Avant/Maintenant, le grand dilemme de Paco Cortés alias Sam Spade. Avant, les héros de roman disaient « Va au diable », maintenant « Va te faire foutre ». Que s’est-il donc passé ?
On est en Espagne en 1981, précisément le 23 février. Depuis 1977, la censure n’est plu et le polar à l’espagnol a pris son envol avec un ton qui lui est propre, un contexte (l’Espagne, forcément) et des revendications à la pelle. La littérature n’est pas prête à s’en remettre, et surtout pas le polar. Même si Paco Cortés les aime bien ses privés américains, en ce jour historique il décide d’annoncer à son éditeur qu’il arrête l’écriture. Ça n’est pourtant pas pour ça que ce 23-F restera dans les mémoires des Espagnols, mais bien pour la tentative de putsch qui eut lieu ce jour-là aux Cortés (justement..). La transition démocratique n’est pas achevée qu’une partie des militaires tente de remettre le couvert, en vain cependant.

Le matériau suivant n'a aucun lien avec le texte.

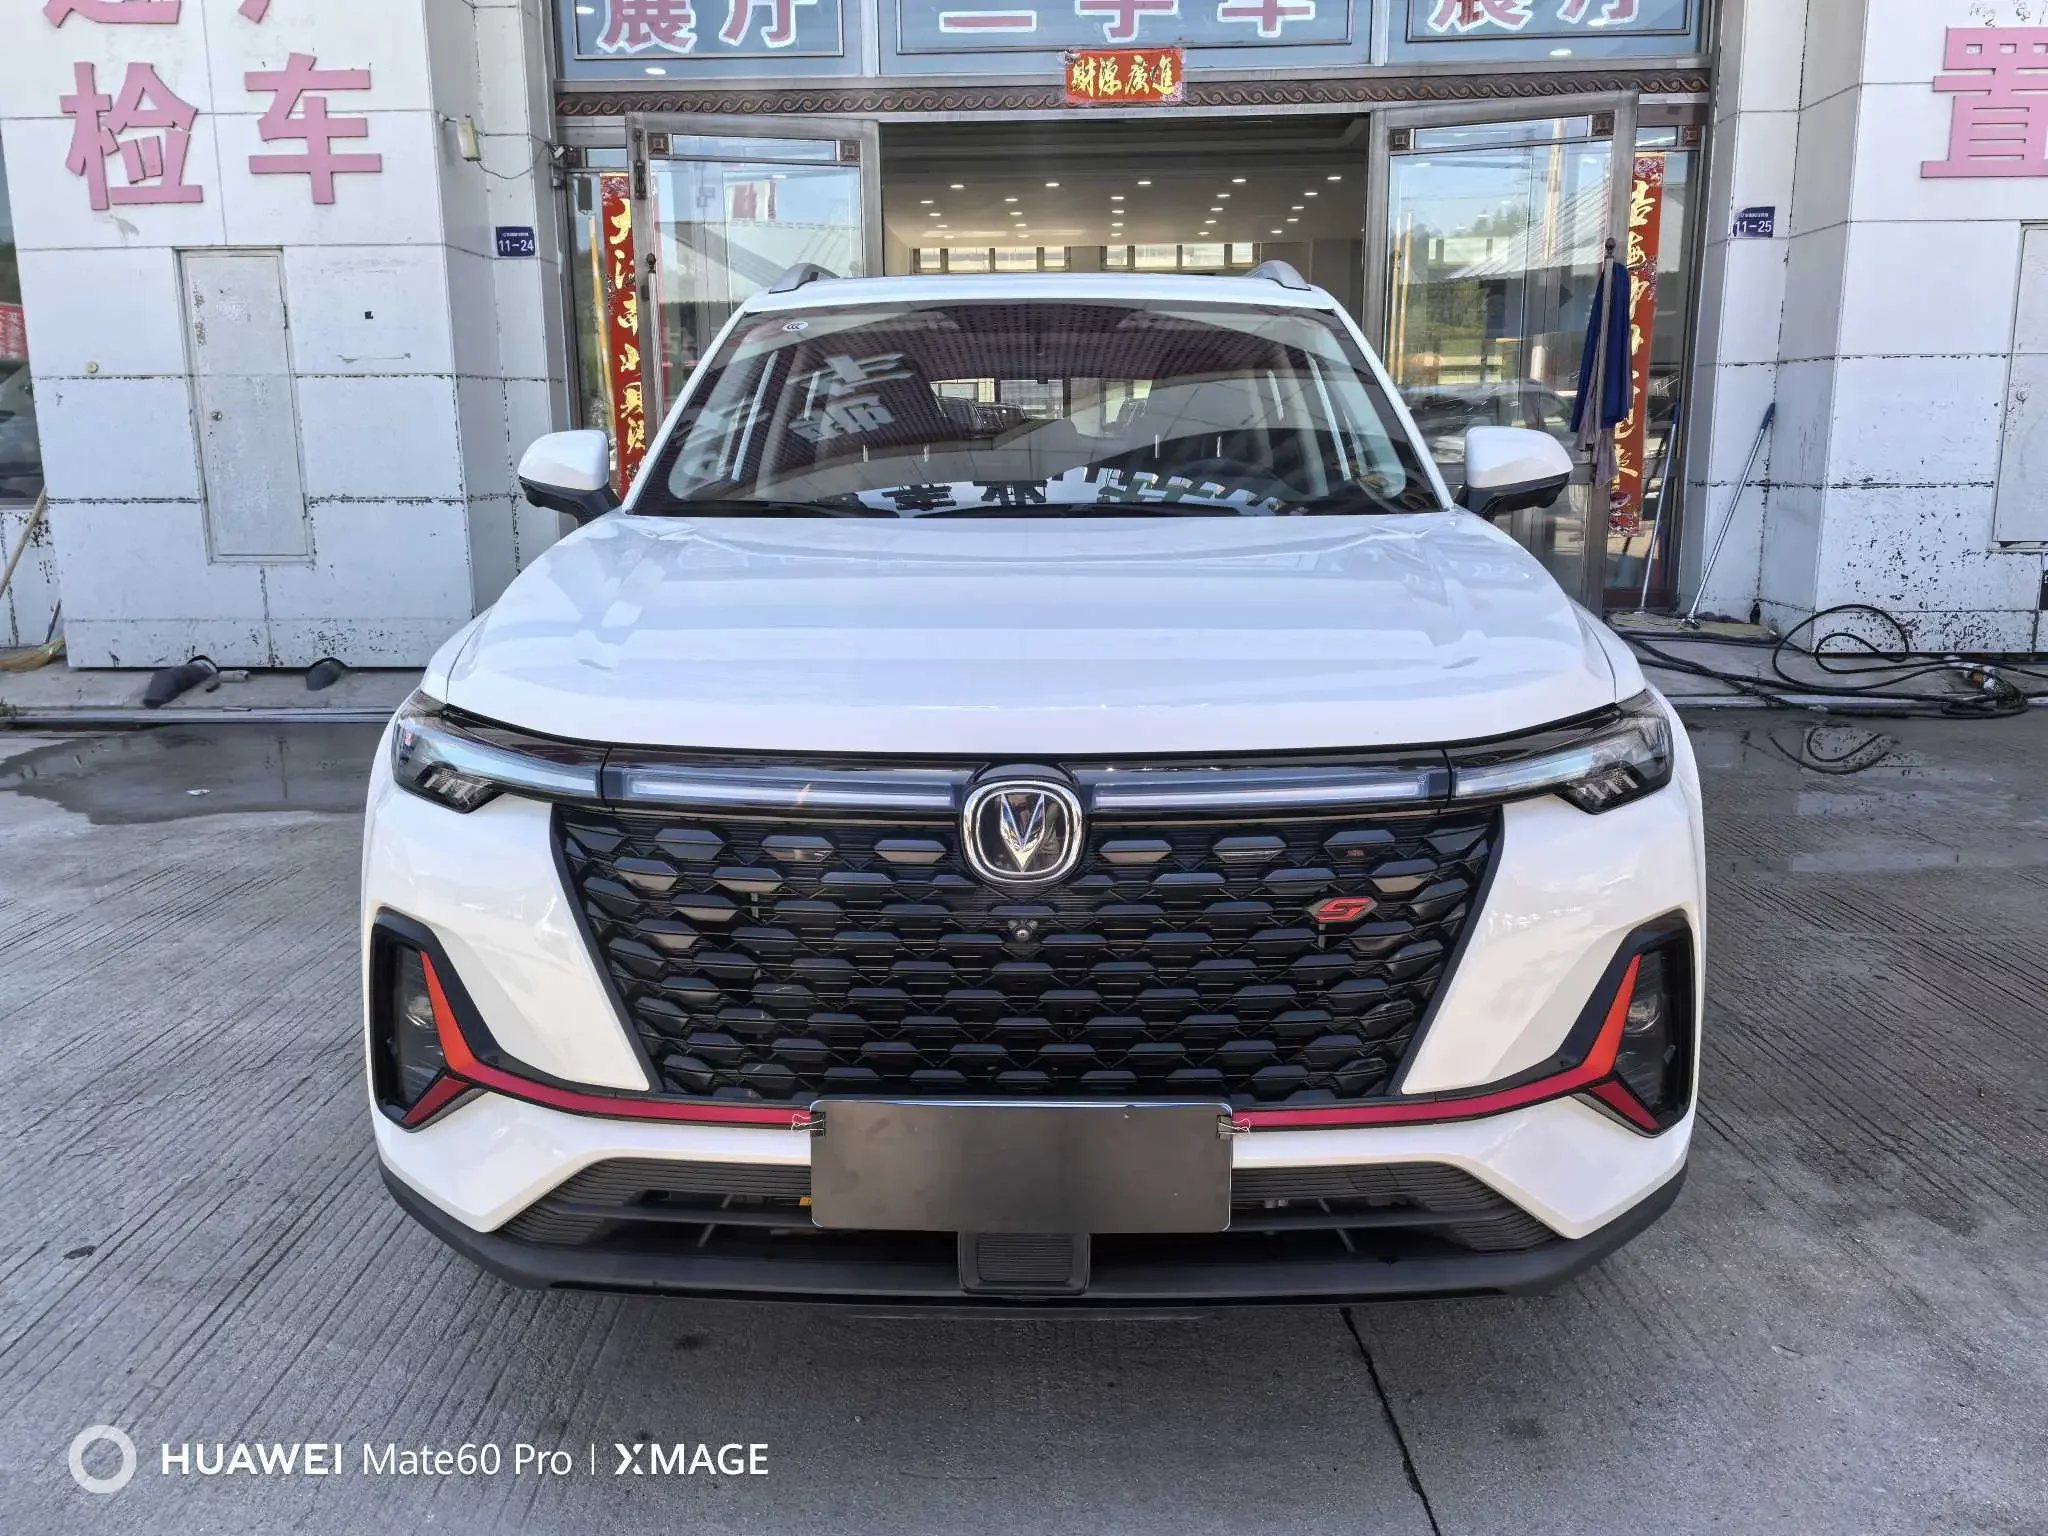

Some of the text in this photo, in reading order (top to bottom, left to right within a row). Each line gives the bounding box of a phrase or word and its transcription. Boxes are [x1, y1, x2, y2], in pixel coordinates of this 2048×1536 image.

[60, 52, 382, 211] 检车
[1735, 220, 1773, 233] 11-25
[498, 239, 535, 252] 11-24

Paco lui raccroche pour de bon, il veut retrouver une vie normale, reconquérir sa femme qu’il n’a cessé d’aimer, trouver un job rémunérateur et se réunir avec ses amis comme lui amateurs de romans policiers, les A.C.P. ou Amis du Crime Parfait. Tous ont des surnoms : il y a là Maigret, Miss Marple, Poe, Holmes, Nestor Burma, le Père Brown…etc. Ensemble, ils refont et réfléchissent le monde, au moins celui du roman policier : un crime parfait est-il possible ?

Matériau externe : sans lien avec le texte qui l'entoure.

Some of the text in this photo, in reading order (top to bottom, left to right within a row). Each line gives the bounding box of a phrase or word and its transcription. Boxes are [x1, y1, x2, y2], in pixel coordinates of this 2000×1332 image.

Mais un jour, c’est à un vrai crime qu’ils ont directement affaire : don Luis, le père de Dora (donc beau-père de Paco) a été retrouvé assassiné dans sa voiture. Or ce type était un salaud, aussi mauvais père que mauvais flic, aussi corrompu qu’adipeux et vulgaire. Ce que l’enquête que Paco se propose de mener (car il a été lui-même soupçonné du meurtre) va révéler, c’est qu’il s’est livré à des actes de torture durant la guerre civile. Le passé serait-il revenu se venger ?
Les A.C.P. l’ont enfin leur crime, mais voilà qu’il signe la dissolution progressive de leur petite assemblée…
« Dans les romans de crime parfait, tout commence en général par la découverte inattendue d’un cadavre, puis il faut enquêter pour savoir de qui il s’agit, et qui est l’assassin. Nous, il nous est arrivé l’inverse: nous sommes tombés sur un cadavre à la fin des A.C.P., et en plus, c’était quelqu’un que nous connaissions tous. Il y avait des années que nous cherchions en alchimistes un crime véritablement parfait. En vain. Et maintenant que nous en avons un, il ne nous sert à rien, parce que nous ne pouvons pas faire participer les autres à notre découverte ».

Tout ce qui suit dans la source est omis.